Work instructions: Exact repetition is required: output every record in full.

Input for this task:
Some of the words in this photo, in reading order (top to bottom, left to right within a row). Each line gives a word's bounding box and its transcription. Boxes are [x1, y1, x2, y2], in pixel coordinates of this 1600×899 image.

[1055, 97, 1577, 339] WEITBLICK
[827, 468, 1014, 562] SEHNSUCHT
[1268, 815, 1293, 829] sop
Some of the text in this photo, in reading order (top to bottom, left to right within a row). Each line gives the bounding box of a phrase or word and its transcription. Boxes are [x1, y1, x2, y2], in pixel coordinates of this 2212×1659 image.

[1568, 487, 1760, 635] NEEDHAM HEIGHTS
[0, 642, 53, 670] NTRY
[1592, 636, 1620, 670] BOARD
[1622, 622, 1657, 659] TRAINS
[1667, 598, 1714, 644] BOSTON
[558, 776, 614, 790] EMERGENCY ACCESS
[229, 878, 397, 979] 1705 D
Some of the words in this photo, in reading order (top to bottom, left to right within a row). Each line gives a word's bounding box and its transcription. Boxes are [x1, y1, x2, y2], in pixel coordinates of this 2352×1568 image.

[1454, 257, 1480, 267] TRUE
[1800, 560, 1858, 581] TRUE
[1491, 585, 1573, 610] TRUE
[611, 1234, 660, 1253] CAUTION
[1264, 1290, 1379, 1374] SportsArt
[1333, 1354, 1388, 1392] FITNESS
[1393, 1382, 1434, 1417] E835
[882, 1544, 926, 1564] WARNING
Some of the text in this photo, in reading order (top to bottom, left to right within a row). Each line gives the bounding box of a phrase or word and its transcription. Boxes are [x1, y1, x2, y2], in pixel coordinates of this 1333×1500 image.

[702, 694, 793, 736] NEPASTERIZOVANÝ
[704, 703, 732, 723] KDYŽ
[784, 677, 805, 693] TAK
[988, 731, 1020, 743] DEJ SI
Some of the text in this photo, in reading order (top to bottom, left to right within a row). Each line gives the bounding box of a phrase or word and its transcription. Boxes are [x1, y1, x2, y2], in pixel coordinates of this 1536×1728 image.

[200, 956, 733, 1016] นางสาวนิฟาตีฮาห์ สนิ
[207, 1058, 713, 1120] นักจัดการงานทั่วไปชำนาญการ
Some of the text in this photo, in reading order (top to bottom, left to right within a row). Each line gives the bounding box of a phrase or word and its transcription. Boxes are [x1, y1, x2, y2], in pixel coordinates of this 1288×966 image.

Exercise solution:
Some of the words in this photo, in reading order (top to bottom, left to right within a row). Each line gives a word's bounding box and its transcription. Boxes are [x1, y1, x2, y2], in pixel coordinates of this 1600×899 image.

[1055, 97, 1577, 339] WEITBLICK
[827, 468, 1014, 562] SEHNSUCHT
[1268, 815, 1293, 829] sop
Some of the text in this photo, in reading order (top to bottom, left to right within a row). Each line gives the bounding box of a phrase or word and its transcription. Boxes are [x1, y1, x2, y2], in pixel coordinates of this 2212×1659 image.

[1568, 487, 1760, 635] NEEDHAM HEIGHTS
[0, 642, 53, 670] NTRY
[1592, 636, 1620, 670] BOARD
[1622, 622, 1657, 659] TRAINS
[1667, 598, 1714, 644] BOSTON
[558, 776, 614, 790] EMERGENCY ACCESS
[229, 878, 397, 979] 1705 D
Some of the words in this photo, in reading order (top to bottom, left to right within a row). Each line gives a word's bounding box and its transcription. Boxes are [x1, y1, x2, y2], in pixel coordinates of this 2352×1568 image.

[1454, 257, 1480, 267] TRUE
[1800, 560, 1858, 581] TRUE
[1491, 585, 1573, 610] TRUE
[611, 1234, 660, 1253] CAUTION
[1264, 1290, 1379, 1374] SportsArt
[1333, 1354, 1388, 1392] FITNESS
[1393, 1382, 1434, 1417] E835
[882, 1544, 926, 1564] WARNING
Some of the text in this photo, in reading order (top to bottom, left to right within a row). Each line gives the bounding box of a phrase or word and its transcription. Boxes are [x1, y1, x2, y2], in pixel coordinates of this 1333×1500 image.

[702, 694, 793, 736] NEPASTERIZOVANÝ
[704, 703, 732, 723] KDYŽ
[784, 677, 805, 693] TAK
[988, 731, 1020, 743] DEJ SI
Some of the text in this photo, in reading order (top to bottom, left to right within a row). Each line gives the bounding box of a phrase or word and its transcription. Boxes are [x1, y1, x2, y2], in pixel coordinates of this 1536×1728 image.

[200, 956, 733, 1016] นางสาวนิฟาตีฮาห์ สนิ
[207, 1058, 713, 1120] นักจัดการงานทั่วไปชำนาญการ
Some of the text in this photo, in reading order (top to bottom, left to right within a row). Each line gives the bounding box of a phrase or word and its transcription. Boxes are [x1, y1, x2, y2], in pixel coordinates of this 1288×966 image.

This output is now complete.